INFORMATION SHOWN ::
┄┄┄┄┄┄┄┄┄┄┄┄┄┄┄┄┄┄┄┄

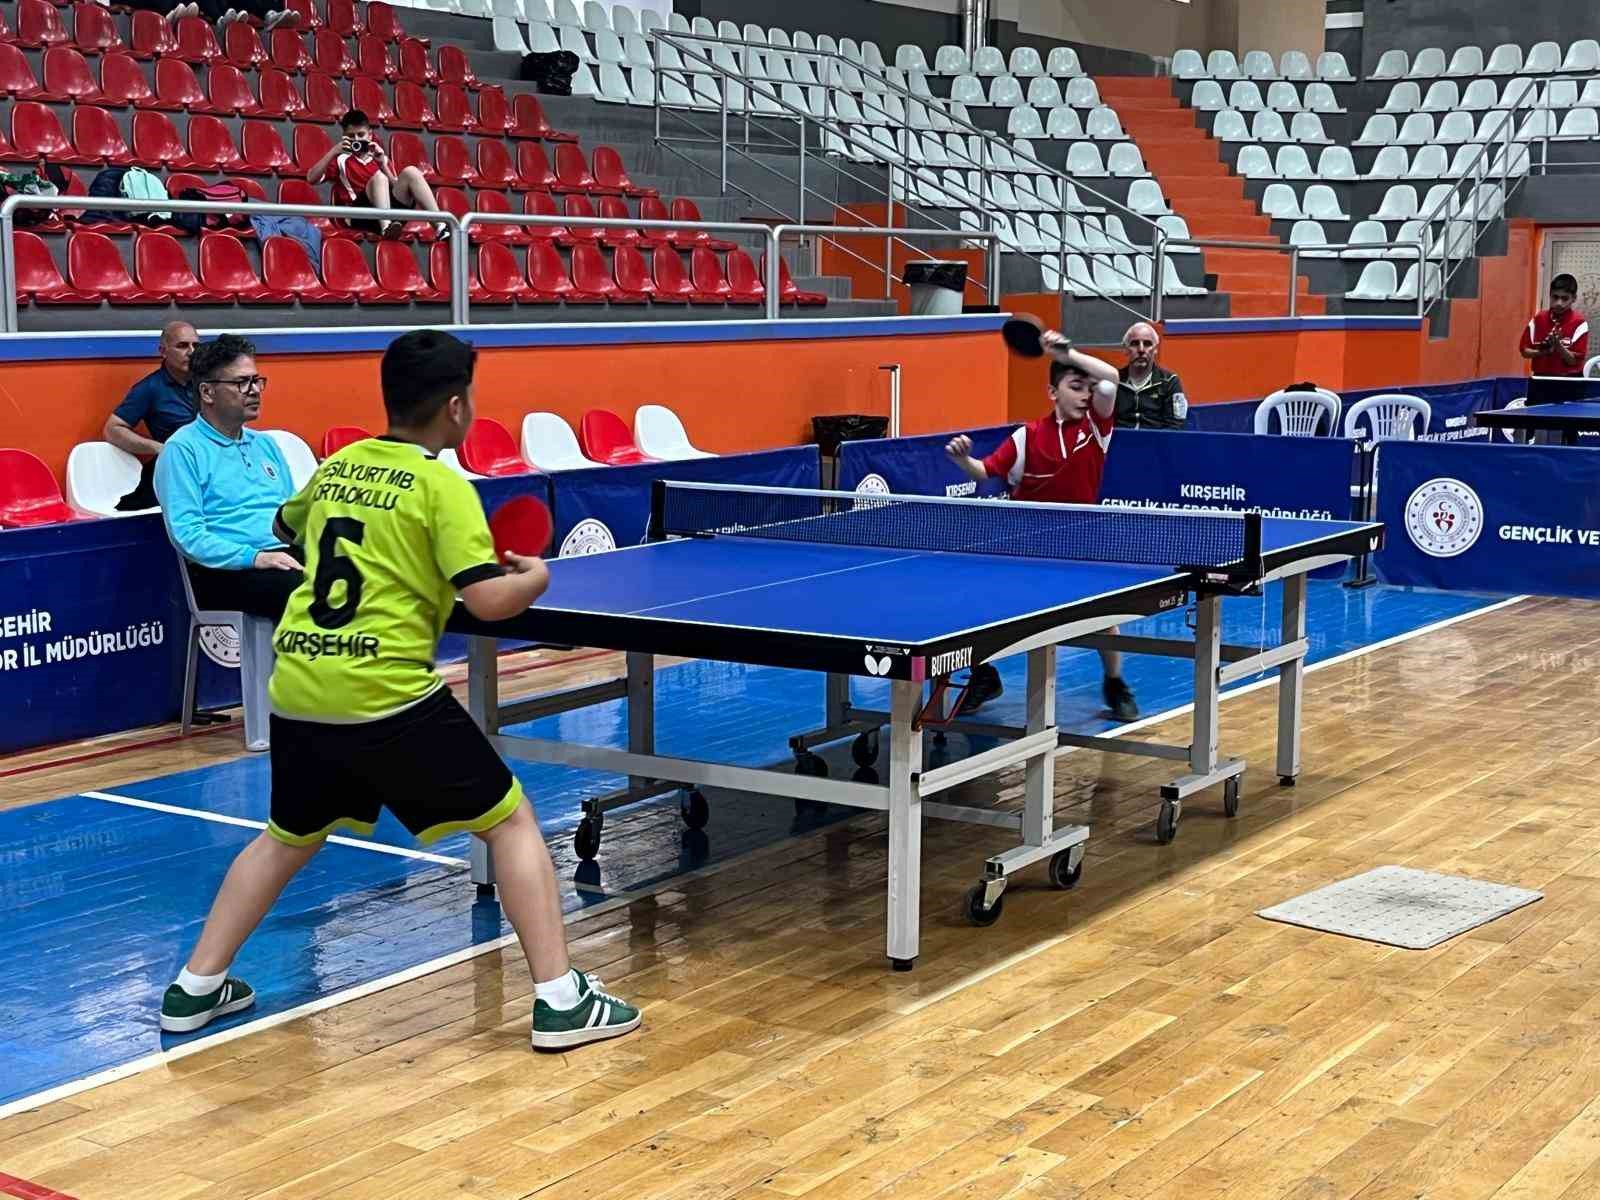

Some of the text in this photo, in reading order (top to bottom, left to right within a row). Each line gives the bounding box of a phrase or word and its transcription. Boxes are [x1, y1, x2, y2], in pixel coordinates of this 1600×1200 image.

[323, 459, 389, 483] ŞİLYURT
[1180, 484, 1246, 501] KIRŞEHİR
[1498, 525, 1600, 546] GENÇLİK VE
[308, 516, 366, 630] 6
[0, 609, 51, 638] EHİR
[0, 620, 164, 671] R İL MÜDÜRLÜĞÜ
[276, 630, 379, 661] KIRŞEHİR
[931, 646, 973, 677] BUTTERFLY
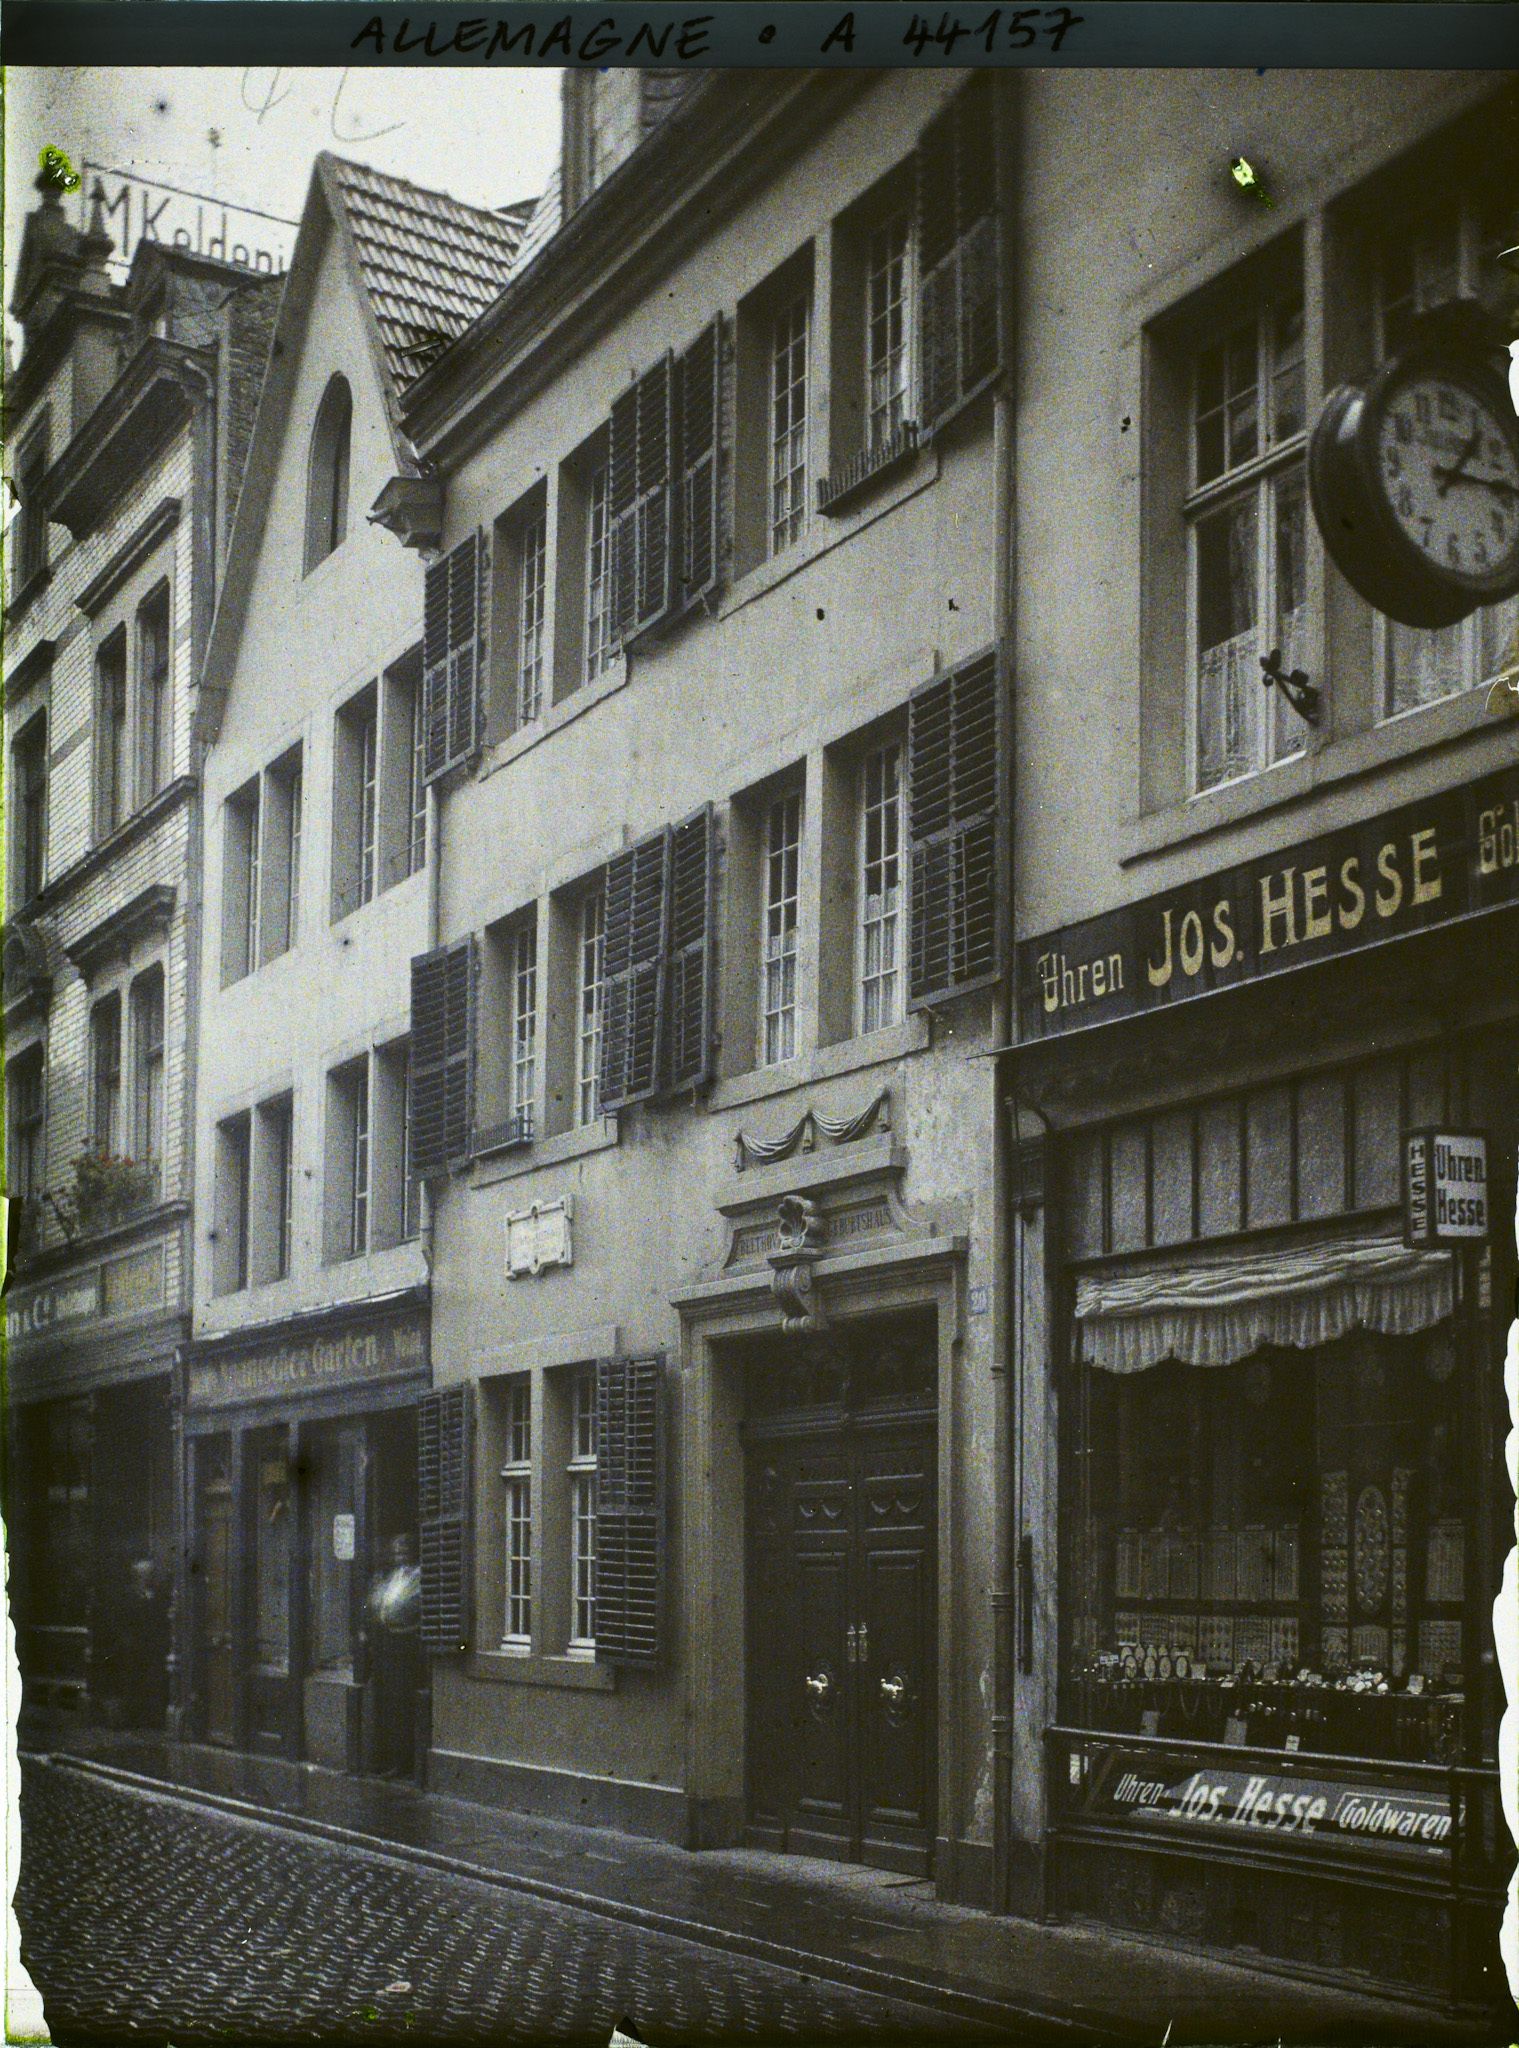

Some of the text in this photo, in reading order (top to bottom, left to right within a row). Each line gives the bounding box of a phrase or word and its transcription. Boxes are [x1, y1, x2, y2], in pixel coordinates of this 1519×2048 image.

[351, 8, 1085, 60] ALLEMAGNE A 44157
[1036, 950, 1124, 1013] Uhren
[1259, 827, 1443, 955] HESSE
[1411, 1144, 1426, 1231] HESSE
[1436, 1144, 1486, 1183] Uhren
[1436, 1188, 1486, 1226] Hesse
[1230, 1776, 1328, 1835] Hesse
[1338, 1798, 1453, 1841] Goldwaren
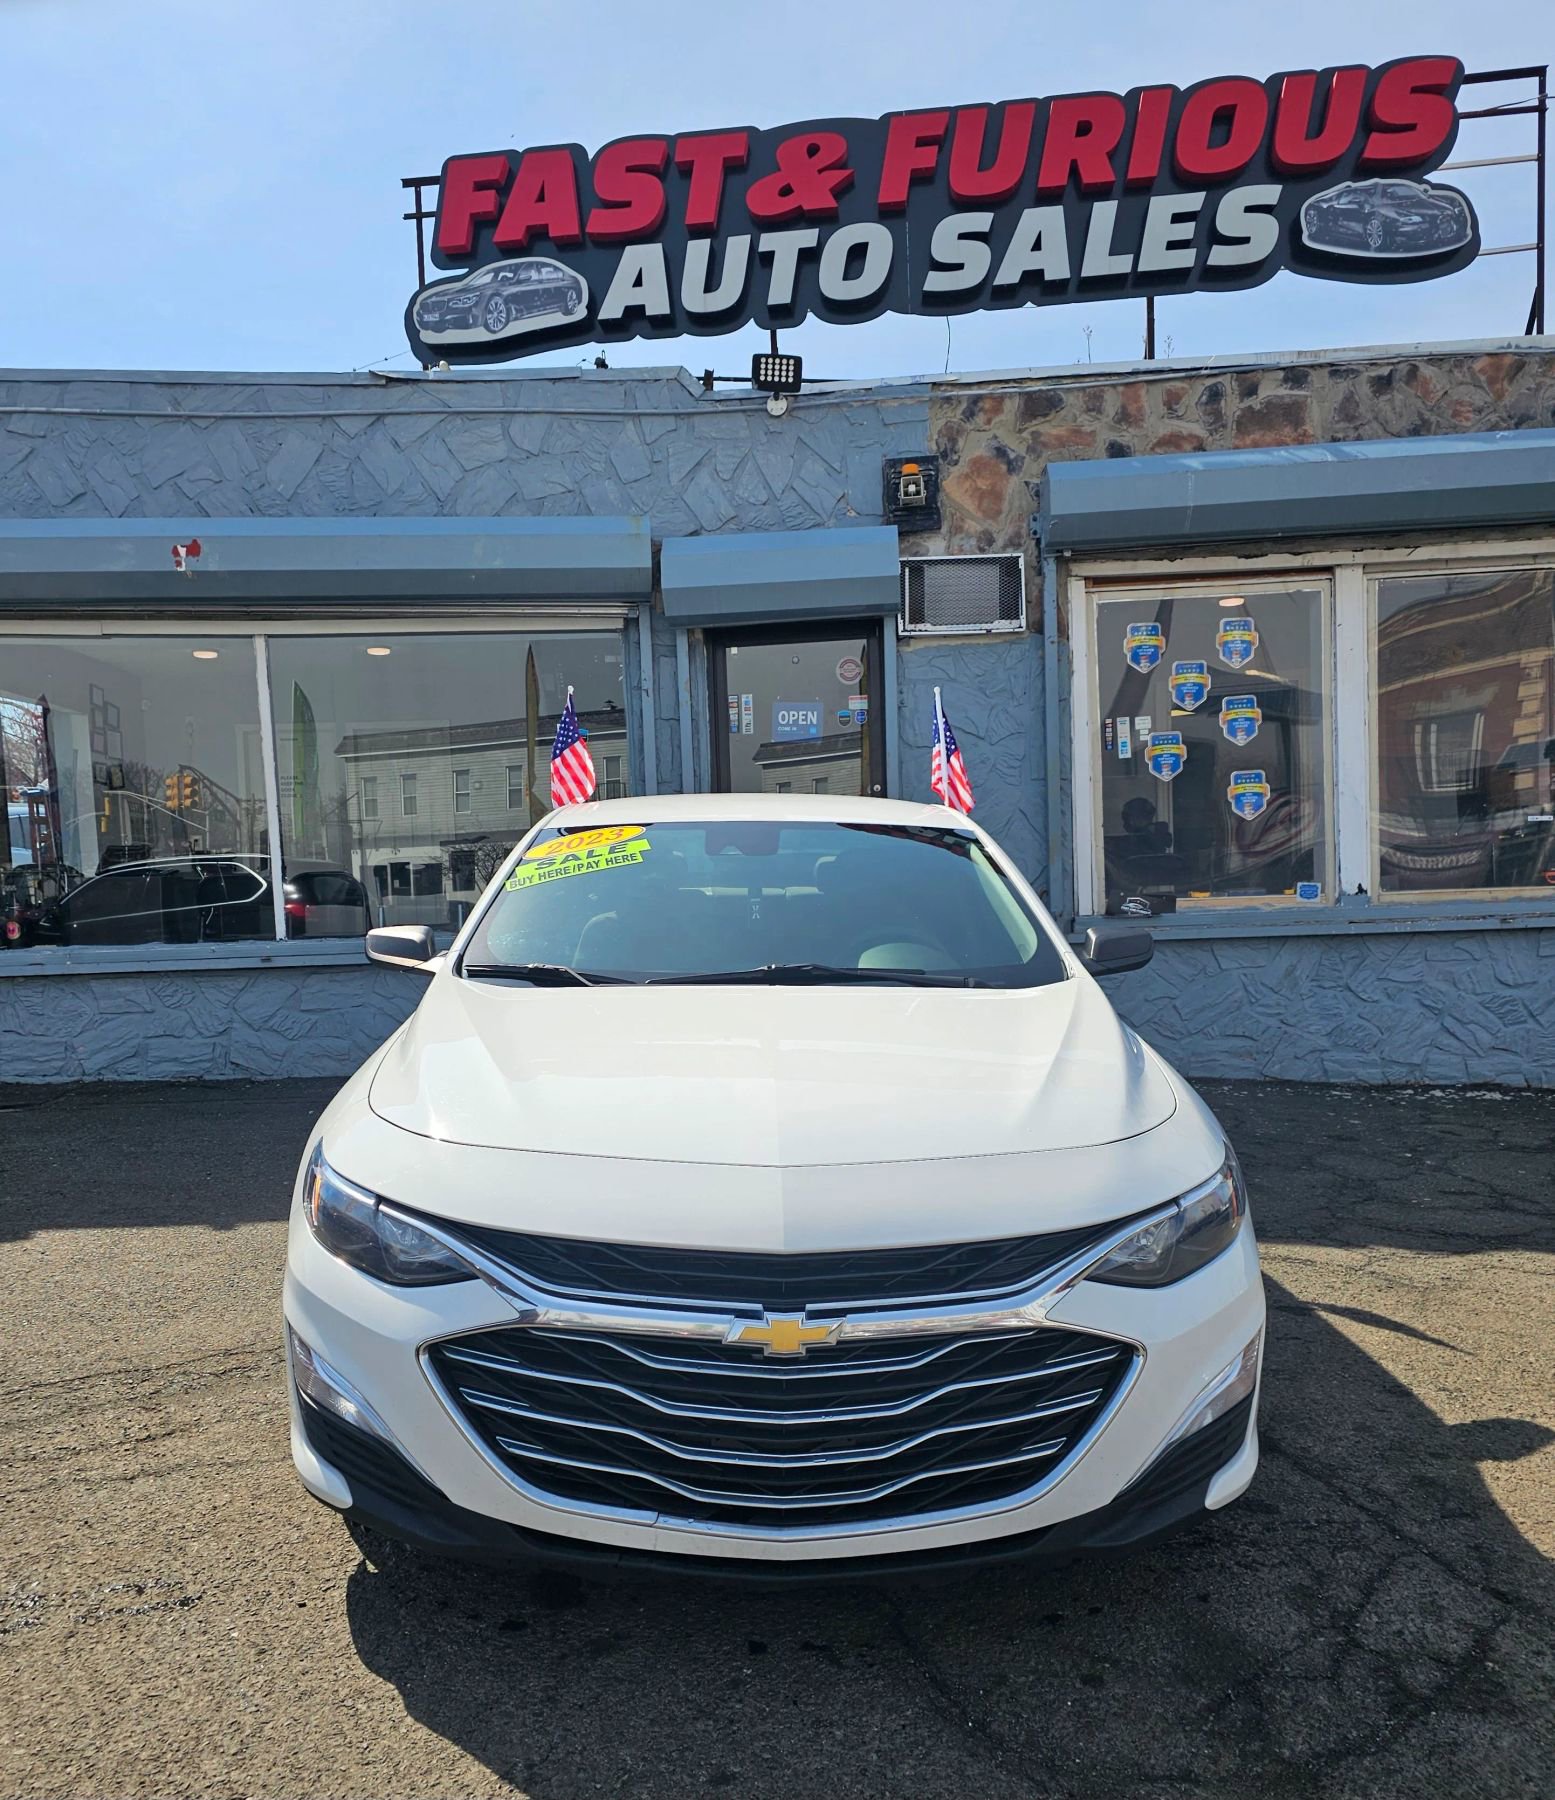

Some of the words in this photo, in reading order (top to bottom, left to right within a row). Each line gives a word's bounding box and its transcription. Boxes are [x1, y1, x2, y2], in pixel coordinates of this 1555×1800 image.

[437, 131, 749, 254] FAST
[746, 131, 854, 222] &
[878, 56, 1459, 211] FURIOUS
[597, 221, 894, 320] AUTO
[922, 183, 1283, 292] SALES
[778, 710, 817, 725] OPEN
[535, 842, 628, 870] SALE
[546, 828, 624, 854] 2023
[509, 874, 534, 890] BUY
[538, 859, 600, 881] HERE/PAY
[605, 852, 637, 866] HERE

┄┄┄┄┄┄┄┄┄┄┄┄┄┄┄┄┄┄┄┄

PROMPT :: An exact, picture-free copy of the entries is required.

RESULT FOR THIS TASK ::
Some of the text in this photo, in reading order (top to bottom, left to right within a row). Each line gives the bounding box of a phrase or word and its transcription. Boxes are [x1, y1, x2, y2], in pixel coordinates of this 1600×1200 image.

[323, 459, 389, 483] ŞİLYURT
[1180, 484, 1246, 501] KIRŞEHİR
[1498, 525, 1600, 546] GENÇLİK VE
[308, 516, 366, 630] 6
[0, 609, 51, 638] EHİR
[0, 620, 164, 671] R İL MÜDÜRLÜĞÜ
[276, 630, 379, 661] KIRŞEHİR
[931, 646, 973, 677] BUTTERFLY

Some of the text in this photo, in reading order (top to bottom, left to right within a row). Each line gives the bounding box of a phrase or word and its transcription. Boxes are [x1, y1, x2, y2], in pixel coordinates of this 1519×2048 image.

[351, 8, 1085, 60] ALLEMAGNE A 44157
[1036, 950, 1124, 1013] Uhren
[1259, 827, 1443, 955] HESSE
[1411, 1144, 1426, 1231] HESSE
[1436, 1144, 1486, 1183] Uhren
[1436, 1188, 1486, 1226] Hesse
[1230, 1776, 1328, 1835] Hesse
[1338, 1798, 1453, 1841] Goldwaren

Some of the words in this photo, in reading order (top to bottom, left to right within a row). Each line gives a word's bounding box and its transcription. Boxes are [x1, y1, x2, y2], in pixel coordinates of this 1555×1800 image.

[437, 131, 749, 254] FAST
[746, 131, 854, 222] &
[878, 56, 1459, 211] FURIOUS
[597, 221, 894, 320] AUTO
[922, 183, 1283, 292] SALES
[778, 710, 817, 725] OPEN
[535, 842, 628, 870] SALE
[546, 828, 624, 854] 2023
[509, 874, 534, 890] BUY
[538, 859, 600, 881] HERE/PAY
[605, 852, 637, 866] HERE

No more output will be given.